## TASK BRIEF
All lines below must be repeated exactly, with the pictures omitted.

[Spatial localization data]
--------------------------------------------------

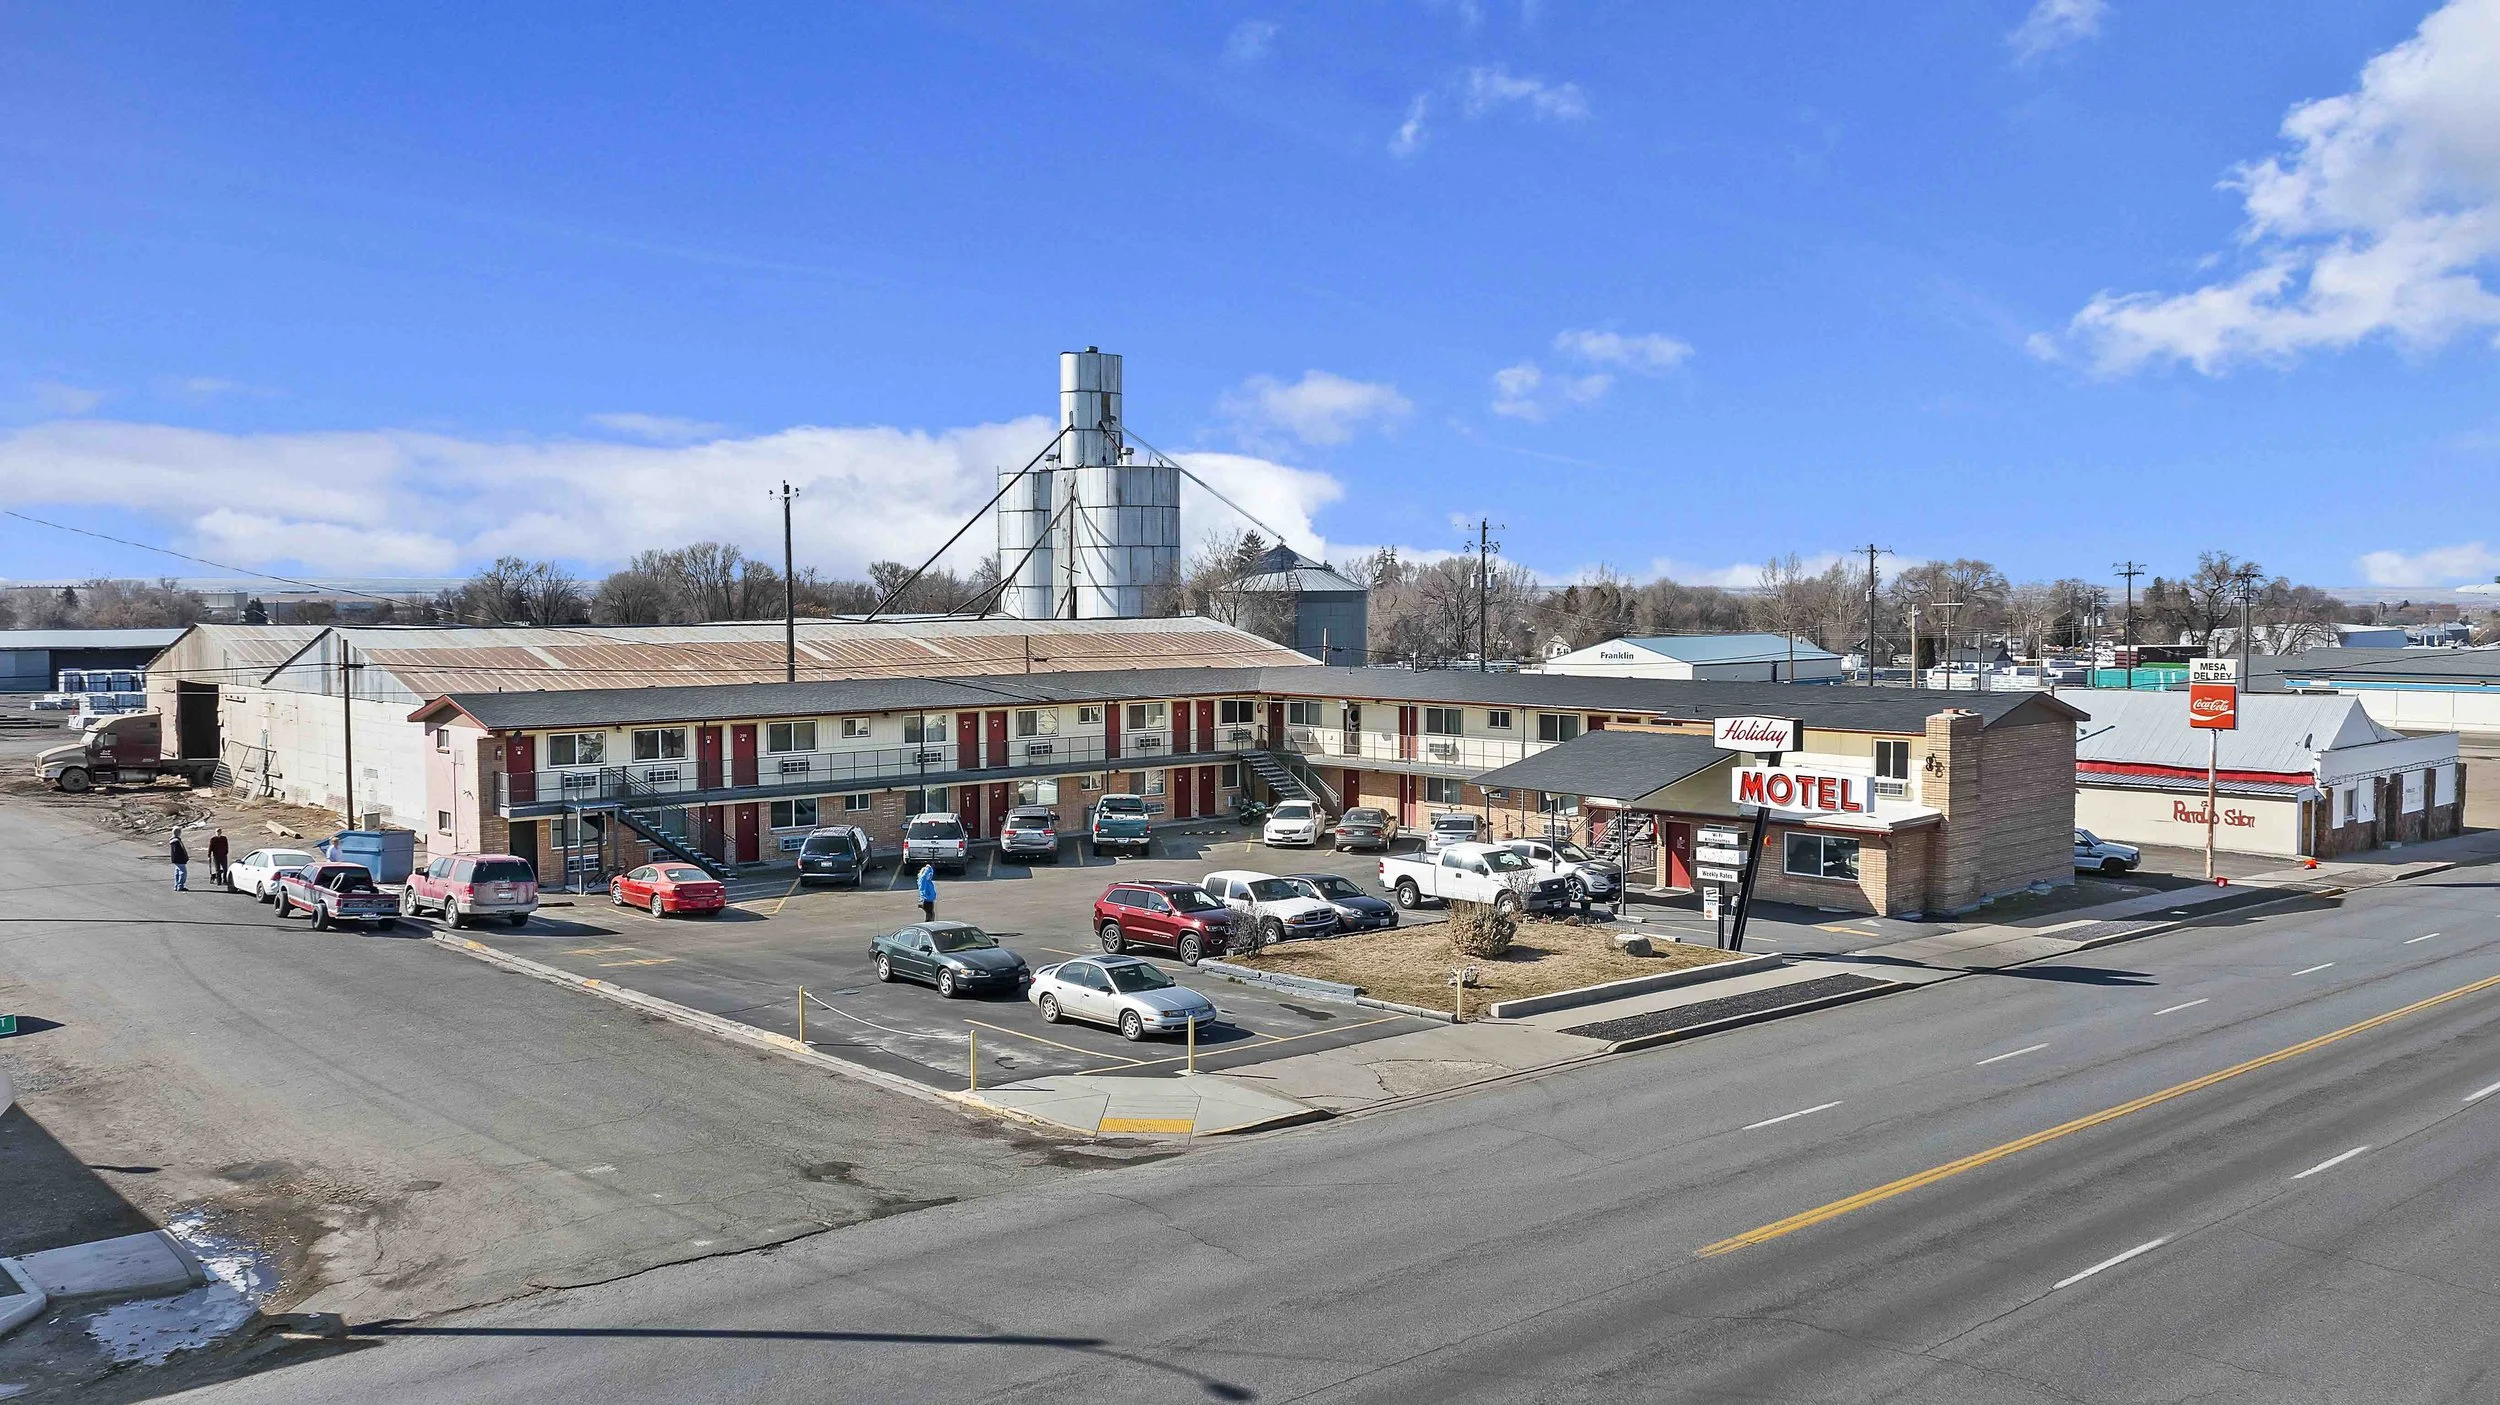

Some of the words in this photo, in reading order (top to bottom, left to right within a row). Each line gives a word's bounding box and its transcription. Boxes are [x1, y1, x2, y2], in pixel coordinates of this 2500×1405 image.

[1600, 651, 1634, 660] Franklin
[2200, 662, 2227, 671] MESA
[2193, 672, 2210, 680] DEL
[2213, 672, 2232, 680] REY
[1719, 719, 1788, 749] Holiday
[1739, 771, 1861, 812] MOTEL
[2224, 808, 2255, 828] Salon
[1702, 870, 1718, 879] Weekly
[1719, 872, 1733, 880] Rates

--------------------------------------------------

## WRITTEN ANSWER
Some of the words in this photo, in reading order (top to bottom, left to right within a row). Each line gives a word's bounding box and its transcription. Boxes are [x1, y1, x2, y2], in pixel coordinates of this 2500×1405 image.

[1600, 651, 1634, 660] Franklin
[2200, 662, 2227, 671] MESA
[2193, 672, 2210, 680] DEL
[2213, 672, 2232, 680] REY
[1719, 719, 1788, 749] Holiday
[1739, 771, 1861, 812] MOTEL
[2224, 808, 2255, 828] Salon
[1702, 870, 1718, 879] Weekly
[1719, 872, 1733, 880] Rates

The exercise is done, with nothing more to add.